School of Automation and Electrical Engineering, Tianjin University of Technology and Education, Tianjin, China.
Cogn Neurodyn. 2023 Apr;17(2):467-476. doi: 10.1007/s11571-022-09822-1. Epub 2022 Jun 7.
In order to improve the modeling performance of Volterra sequence for nonlinear neural activity, in this paper, a new optimization algorithm is proposed to identify Volterra sequence parameters.
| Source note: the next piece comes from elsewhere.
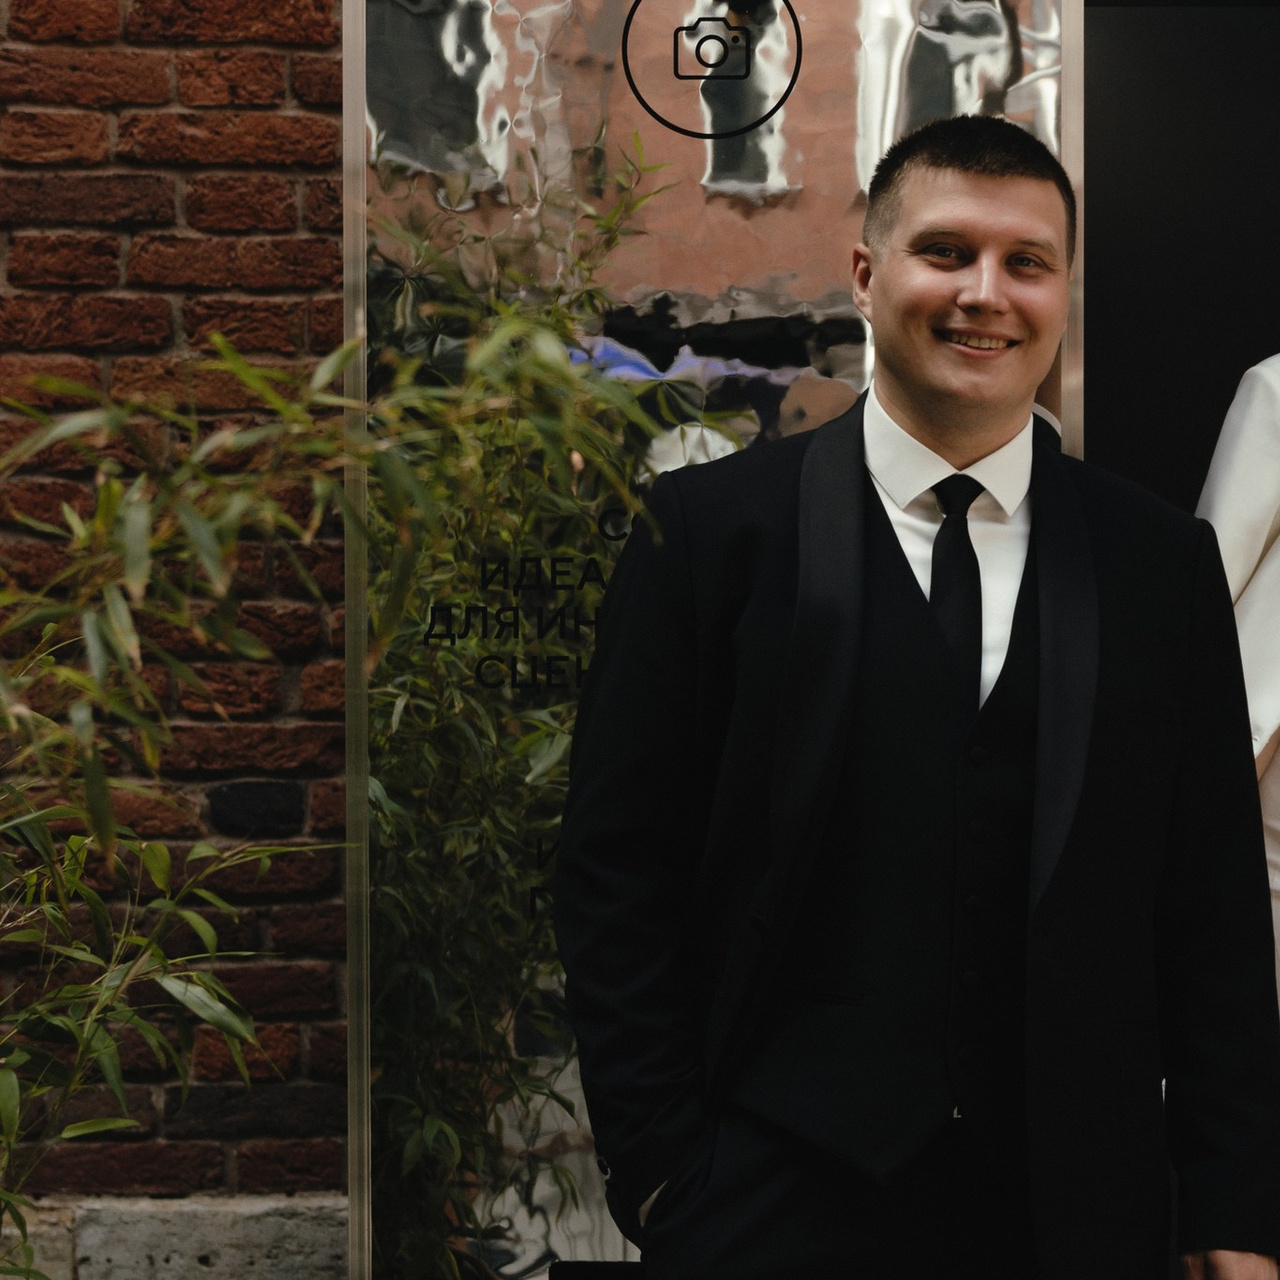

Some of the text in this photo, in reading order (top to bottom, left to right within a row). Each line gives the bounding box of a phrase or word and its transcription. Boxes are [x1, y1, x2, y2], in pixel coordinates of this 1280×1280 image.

[480, 557, 606, 596] ИДЕА
[424, 606, 601, 645] ДЛЯ ИН
Algorithm combines the advantages of particle swarm optimization (PSO) and genetic algorithm (GA) improve the performance of the identification of nonlinear model parameters from rapidity and accuracy. In the modeling experiments of neural signal data generated by the neural computing model and clinical neural data set in this paper, the proposed algorithm shows its excellent potential in nonlinear neural activity modeling. Compared with PSO and GA, the algorithm can achieve less identification error, and better balance the convergence speed and identification error. Further, we explore the influence of algorithm parameters on identification efficiency, which provides possible guiding significance for parameter setting in practical application of the algorithm.
为了提高Volterra序列对非线性神经活动的建模性能,本文提出了一种新的优化算法来识别Volterra序列参数。该算法结合了粒子群优化算法(PSO)和遗传算法(GA)的优点,从速度和准确性方面提高了非线性模型参数识别的性能。在本文由神经计算模型生成的神经信号数据和临床神经数据集的建模实验中,所提出的算法在非线性神经活动建模中显示出其优异的潜力。与PSO和GA相比,该算法能够实现更小的识别误差,并且能更好地平衡收敛速度和识别误差。此外,我们还探讨了算法参数对识别效率的影响,这为该算法在实际应用中的参数设置提供了可能的指导意义。